#### The data:
+---+

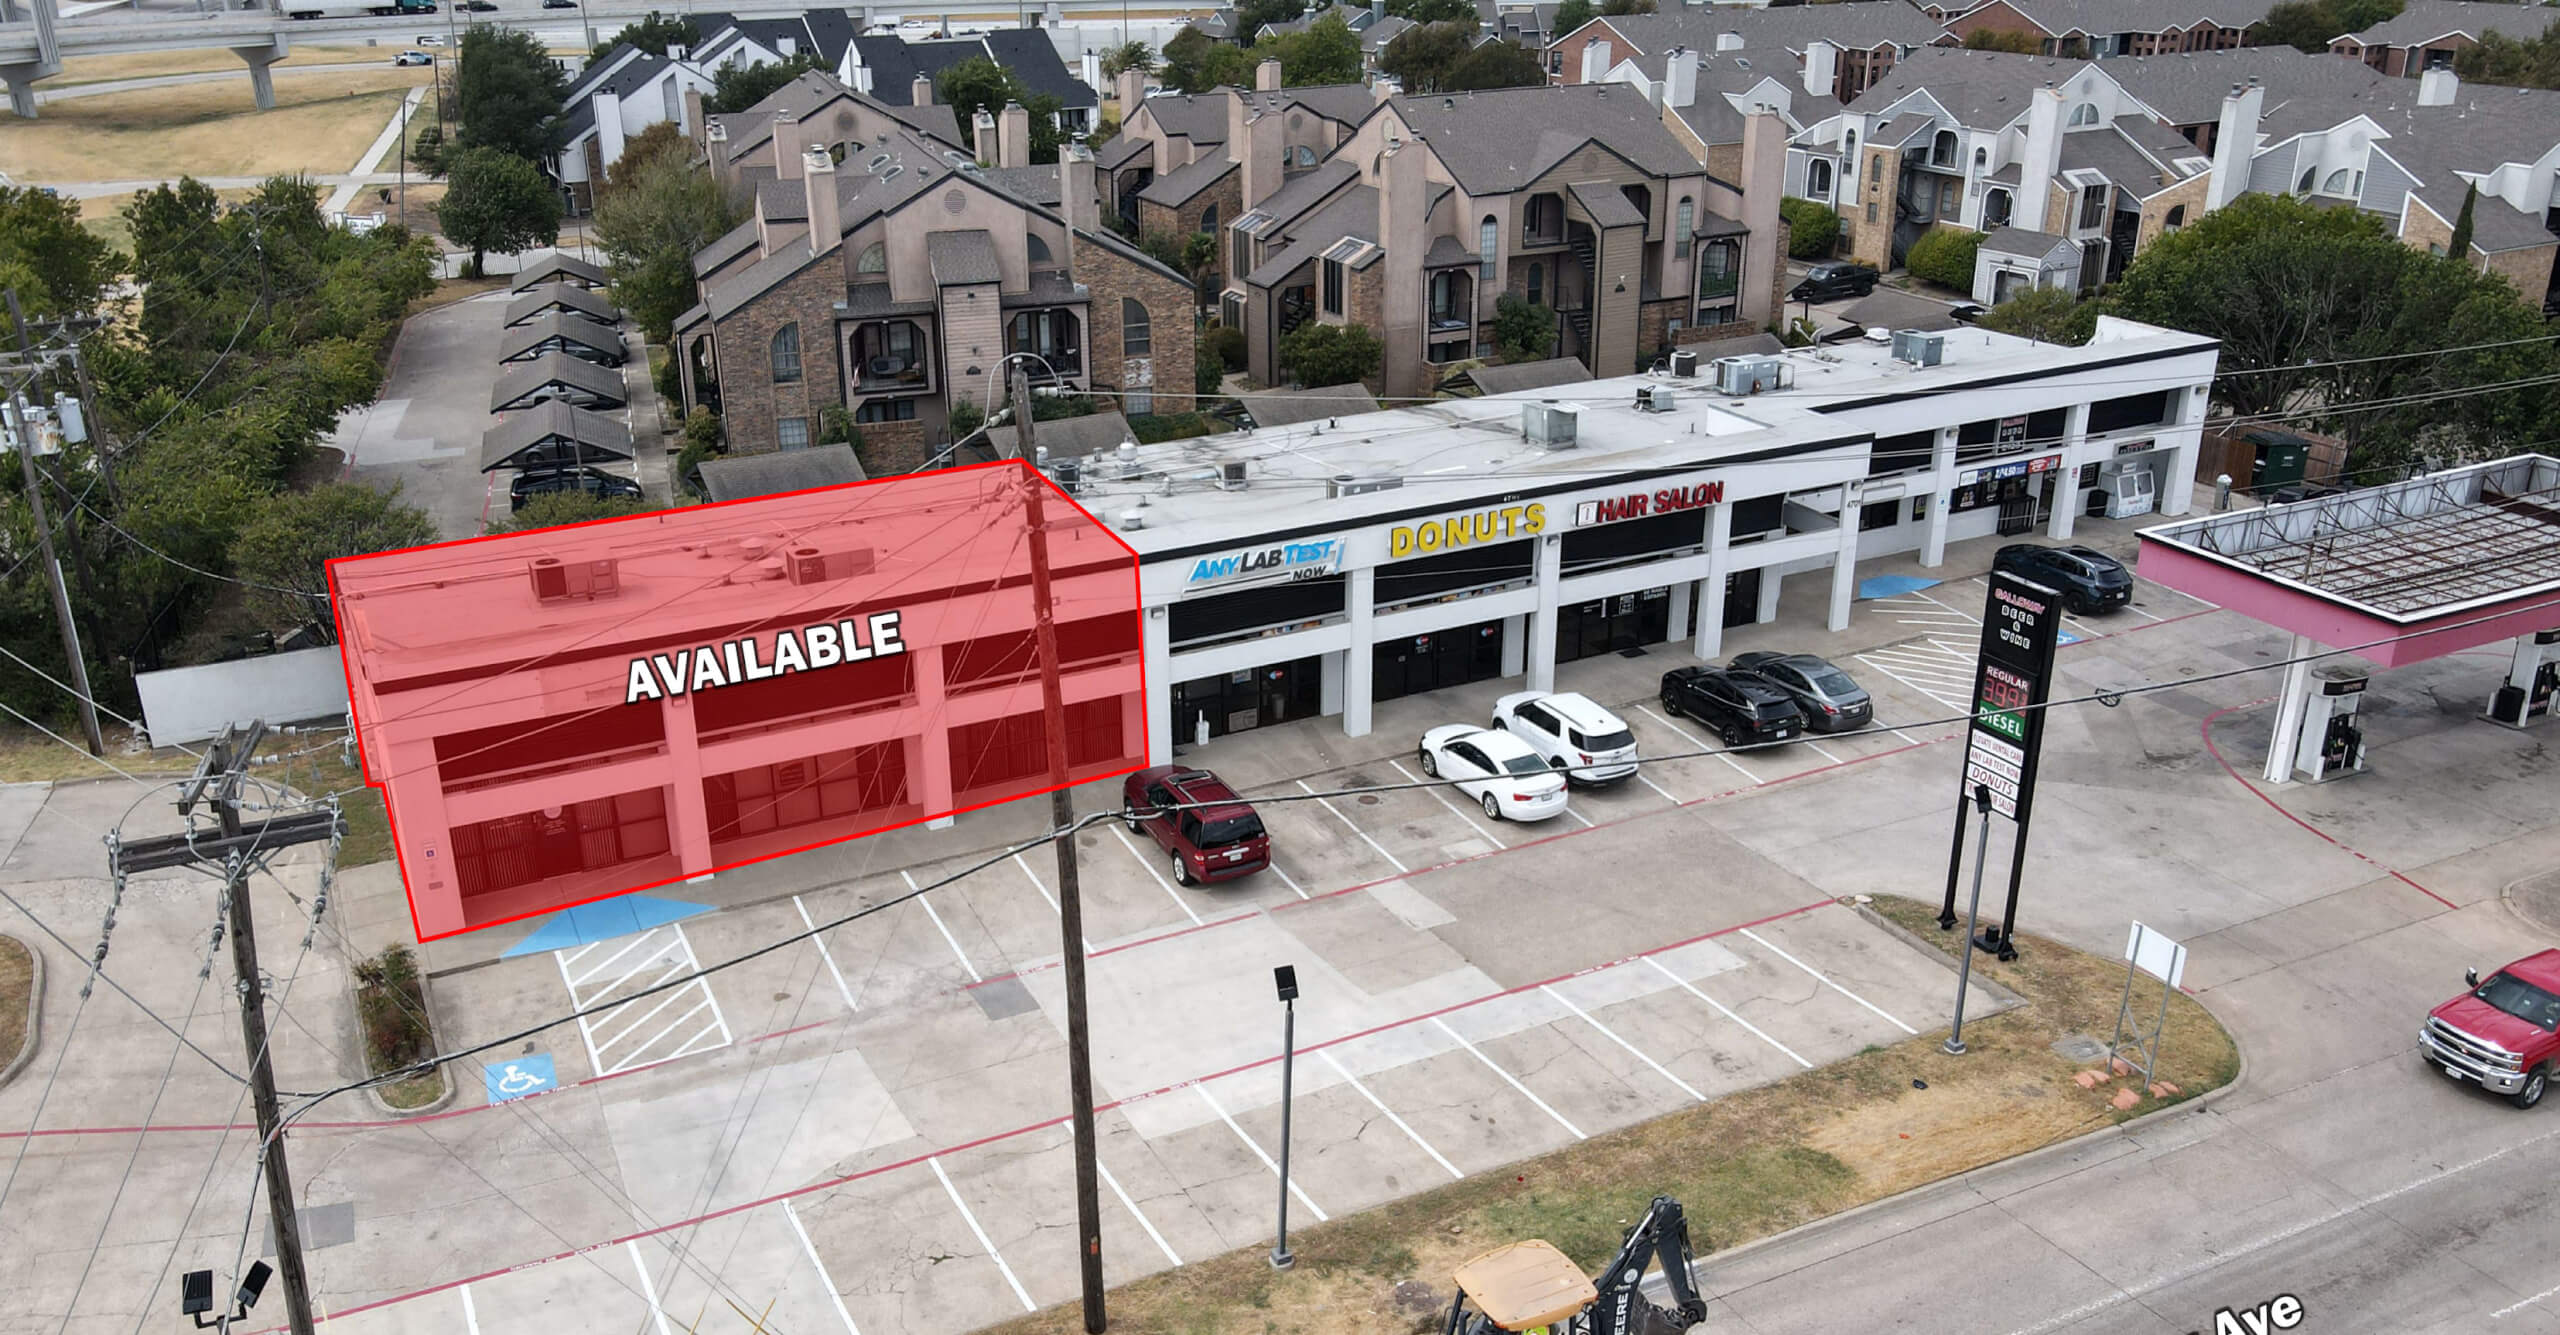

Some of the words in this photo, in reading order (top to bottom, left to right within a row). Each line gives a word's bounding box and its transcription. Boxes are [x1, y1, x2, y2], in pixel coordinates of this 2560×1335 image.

[1597, 493, 1649, 523] HAIR
[1654, 480, 1725, 515] SALON
[1391, 503, 1546, 558] DONUTS
[1292, 565, 1327, 581] NOW
[2001, 605, 2034, 626] BEER
[2000, 628, 2030, 649] WINE
[1986, 665, 2028, 691] REGULAR
[1979, 706, 2022, 737] DIESEL
[1971, 749, 1982, 760] ANY
[1983, 755, 1992, 767] LAB
[1972, 767, 2014, 796] DONUTS
[1614, 1293, 1628, 1335] EERE

+---+

The data above is to be printed exactly, all of it, except for the pictures.

#### The answer:
Some of the words in this photo, in reading order (top to bottom, left to right within a row). Each line gives a word's bounding box and its transcription. Boxes are [x1, y1, x2, y2], in pixel coordinates of this 2560×1335 image.

[1597, 493, 1649, 523] HAIR
[1654, 480, 1725, 515] SALON
[1391, 503, 1546, 558] DONUTS
[1292, 565, 1327, 581] NOW
[2001, 605, 2034, 626] BEER
[2000, 628, 2030, 649] WINE
[1986, 665, 2028, 691] REGULAR
[1979, 706, 2022, 737] DIESEL
[1971, 749, 1982, 760] ANY
[1983, 755, 1992, 767] LAB
[1972, 767, 2014, 796] DONUTS
[1614, 1293, 1628, 1335] EERE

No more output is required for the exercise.